* _What the task asks_
Line by line, transcribe the data shown below.

* _Dataset content_

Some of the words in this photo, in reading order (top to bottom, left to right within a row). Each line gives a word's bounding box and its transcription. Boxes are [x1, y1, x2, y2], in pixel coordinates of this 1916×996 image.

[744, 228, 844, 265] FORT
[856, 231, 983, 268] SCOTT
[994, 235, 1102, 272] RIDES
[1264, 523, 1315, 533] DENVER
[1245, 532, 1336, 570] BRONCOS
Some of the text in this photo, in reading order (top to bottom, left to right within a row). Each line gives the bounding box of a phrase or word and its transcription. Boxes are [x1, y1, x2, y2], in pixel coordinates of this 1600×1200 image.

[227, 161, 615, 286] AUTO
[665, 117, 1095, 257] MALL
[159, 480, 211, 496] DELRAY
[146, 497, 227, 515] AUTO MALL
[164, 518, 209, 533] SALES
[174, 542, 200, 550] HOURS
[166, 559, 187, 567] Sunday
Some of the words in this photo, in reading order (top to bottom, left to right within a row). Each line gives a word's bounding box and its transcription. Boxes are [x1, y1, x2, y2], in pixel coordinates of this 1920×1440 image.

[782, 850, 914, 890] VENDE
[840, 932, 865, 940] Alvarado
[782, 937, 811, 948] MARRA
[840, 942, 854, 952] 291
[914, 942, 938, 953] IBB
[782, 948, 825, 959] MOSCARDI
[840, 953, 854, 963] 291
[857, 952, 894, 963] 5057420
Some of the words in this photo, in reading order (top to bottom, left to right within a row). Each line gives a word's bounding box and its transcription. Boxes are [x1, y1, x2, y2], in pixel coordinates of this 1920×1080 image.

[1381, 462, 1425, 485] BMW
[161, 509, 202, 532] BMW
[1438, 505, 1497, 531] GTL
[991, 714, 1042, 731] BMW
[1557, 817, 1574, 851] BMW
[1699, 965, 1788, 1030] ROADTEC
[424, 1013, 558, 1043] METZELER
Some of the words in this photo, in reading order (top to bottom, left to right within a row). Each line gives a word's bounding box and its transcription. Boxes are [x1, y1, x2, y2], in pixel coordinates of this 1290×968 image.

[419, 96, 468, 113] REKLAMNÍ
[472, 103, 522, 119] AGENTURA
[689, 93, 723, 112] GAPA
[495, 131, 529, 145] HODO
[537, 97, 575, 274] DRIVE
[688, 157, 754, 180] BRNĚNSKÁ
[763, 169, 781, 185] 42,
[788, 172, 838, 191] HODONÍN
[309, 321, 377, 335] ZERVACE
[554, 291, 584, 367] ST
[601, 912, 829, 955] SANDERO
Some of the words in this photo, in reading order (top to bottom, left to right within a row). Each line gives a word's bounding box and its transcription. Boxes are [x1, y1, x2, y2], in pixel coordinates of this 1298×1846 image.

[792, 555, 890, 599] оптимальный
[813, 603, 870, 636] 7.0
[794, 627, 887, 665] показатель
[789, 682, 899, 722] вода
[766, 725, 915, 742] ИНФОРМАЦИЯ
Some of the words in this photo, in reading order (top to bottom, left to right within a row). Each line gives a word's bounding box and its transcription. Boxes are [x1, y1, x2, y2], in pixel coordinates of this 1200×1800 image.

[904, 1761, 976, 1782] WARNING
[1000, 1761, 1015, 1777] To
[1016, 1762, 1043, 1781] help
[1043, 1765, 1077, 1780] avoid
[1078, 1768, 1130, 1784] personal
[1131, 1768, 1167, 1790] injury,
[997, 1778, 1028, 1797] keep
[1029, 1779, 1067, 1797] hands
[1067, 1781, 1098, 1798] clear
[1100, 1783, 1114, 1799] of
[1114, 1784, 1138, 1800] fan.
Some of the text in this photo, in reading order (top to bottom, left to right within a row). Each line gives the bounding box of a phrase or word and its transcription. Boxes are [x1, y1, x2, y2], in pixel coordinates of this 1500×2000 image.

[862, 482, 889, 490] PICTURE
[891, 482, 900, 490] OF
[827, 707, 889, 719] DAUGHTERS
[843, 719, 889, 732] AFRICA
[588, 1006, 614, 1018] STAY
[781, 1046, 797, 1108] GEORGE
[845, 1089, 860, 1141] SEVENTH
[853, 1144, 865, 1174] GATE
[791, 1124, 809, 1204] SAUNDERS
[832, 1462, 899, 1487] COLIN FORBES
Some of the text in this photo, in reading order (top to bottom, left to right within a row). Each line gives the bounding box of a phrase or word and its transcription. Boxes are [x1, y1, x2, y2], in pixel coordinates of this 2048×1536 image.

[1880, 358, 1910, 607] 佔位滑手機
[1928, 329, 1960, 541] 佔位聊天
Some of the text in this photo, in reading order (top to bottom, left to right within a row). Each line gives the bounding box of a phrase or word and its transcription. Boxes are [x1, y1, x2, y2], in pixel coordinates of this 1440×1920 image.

* _Solution_
Some of the words in this photo, in reading order (top to bottom, left to right within a row). Each line gives a word's bounding box and its transcription. Boxes are [x1, y1, x2, y2], in pixel coordinates of this 1916×996 image.

[744, 228, 844, 265] FORT
[856, 231, 983, 268] SCOTT
[994, 235, 1102, 272] RIDES
[1264, 523, 1315, 533] DENVER
[1245, 532, 1336, 570] BRONCOS
Some of the text in this photo, in reading order (top to bottom, left to right within a row). Each line gives the bounding box of a phrase or word and its transcription. Boxes are [x1, y1, x2, y2], in pixel coordinates of this 1600×1200 image.

[227, 161, 615, 286] AUTO
[665, 117, 1095, 257] MALL
[159, 480, 211, 496] DELRAY
[146, 497, 227, 515] AUTO MALL
[164, 518, 209, 533] SALES
[174, 542, 200, 550] HOURS
[166, 559, 187, 567] Sunday
Some of the words in this photo, in reading order (top to bottom, left to right within a row). Each line gives a word's bounding box and its transcription. Boxes are [x1, y1, x2, y2], in pixel coordinates of this 1920×1440 image.

[782, 850, 914, 890] VENDE
[840, 932, 865, 940] Alvarado
[782, 937, 811, 948] MARRA
[840, 942, 854, 952] 291
[914, 942, 938, 953] IBB
[782, 948, 825, 959] MOSCARDI
[840, 953, 854, 963] 291
[857, 952, 894, 963] 5057420
Some of the words in this photo, in reading order (top to bottom, left to right within a row). Each line gives a word's bounding box and its transcription. Boxes are [x1, y1, x2, y2], in pixel coordinates of this 1920×1080 image.

[1381, 462, 1425, 485] BMW
[161, 509, 202, 532] BMW
[1438, 505, 1497, 531] GTL
[991, 714, 1042, 731] BMW
[1557, 817, 1574, 851] BMW
[1699, 965, 1788, 1030] ROADTEC
[424, 1013, 558, 1043] METZELER
Some of the words in this photo, in reading order (top to bottom, left to right within a row). Each line gives a word's bounding box and its transcription. Boxes are [x1, y1, x2, y2], in pixel coordinates of this 1290×968 image.

[419, 96, 468, 113] REKLAMNÍ
[472, 103, 522, 119] AGENTURA
[689, 93, 723, 112] GAPA
[495, 131, 529, 145] HODO
[537, 97, 575, 274] DRIVE
[688, 157, 754, 180] BRNĚNSKÁ
[763, 169, 781, 185] 42,
[788, 172, 838, 191] HODONÍN
[309, 321, 377, 335] ZERVACE
[554, 291, 584, 367] ST
[601, 912, 829, 955] SANDERO
Some of the words in this photo, in reading order (top to bottom, left to right within a row). Each line gives a word's bounding box and its transcription. Boxes are [x1, y1, x2, y2], in pixel coordinates of this 1298×1846 image.

[792, 555, 890, 599] оптимальный
[813, 603, 870, 636] 7.0
[794, 627, 887, 665] показатель
[789, 682, 899, 722] вода
[766, 725, 915, 742] ИНФОРМАЦИЯ
Some of the words in this photo, in reading order (top to bottom, left to right within a row). Each line gives a word's bounding box and its transcription. Boxes are [x1, y1, x2, y2], in pixel coordinates of this 1200×1800 image.

[904, 1761, 976, 1782] WARNING
[1000, 1761, 1015, 1777] To
[1016, 1762, 1043, 1781] help
[1043, 1765, 1077, 1780] avoid
[1078, 1768, 1130, 1784] personal
[1131, 1768, 1167, 1790] injury,
[997, 1778, 1028, 1797] keep
[1029, 1779, 1067, 1797] hands
[1067, 1781, 1098, 1798] clear
[1100, 1783, 1114, 1799] of
[1114, 1784, 1138, 1800] fan.
Some of the text in this photo, in reading order (top to bottom, left to right within a row). Each line gives the bounding box of a phrase or word and its transcription. Boxes are [x1, y1, x2, y2], in pixel coordinates of this 1500×2000 image.

[862, 482, 889, 490] PICTURE
[891, 482, 900, 490] OF
[827, 707, 889, 719] DAUGHTERS
[843, 719, 889, 732] AFRICA
[588, 1006, 614, 1018] STAY
[781, 1046, 797, 1108] GEORGE
[845, 1089, 860, 1141] SEVENTH
[853, 1144, 865, 1174] GATE
[791, 1124, 809, 1204] SAUNDERS
[832, 1462, 899, 1487] COLIN FORBES
Some of the text in this photo, in reading order (top to bottom, left to right within a row). Each line gives the bounding box of a phrase or word and its transcription. Boxes are [x1, y1, x2, y2], in pixel coordinates of this 2048×1536 image.

[1880, 358, 1910, 607] 佔位滑手機
[1928, 329, 1960, 541] 佔位聊天
Some of the text in this photo, in reading order (top to bottom, left to right within a row). Each line gives the bounding box of a phrase or word and its transcription. Boxes are [x1, y1, x2, y2], in pixel coordinates of this 1440×1920 image.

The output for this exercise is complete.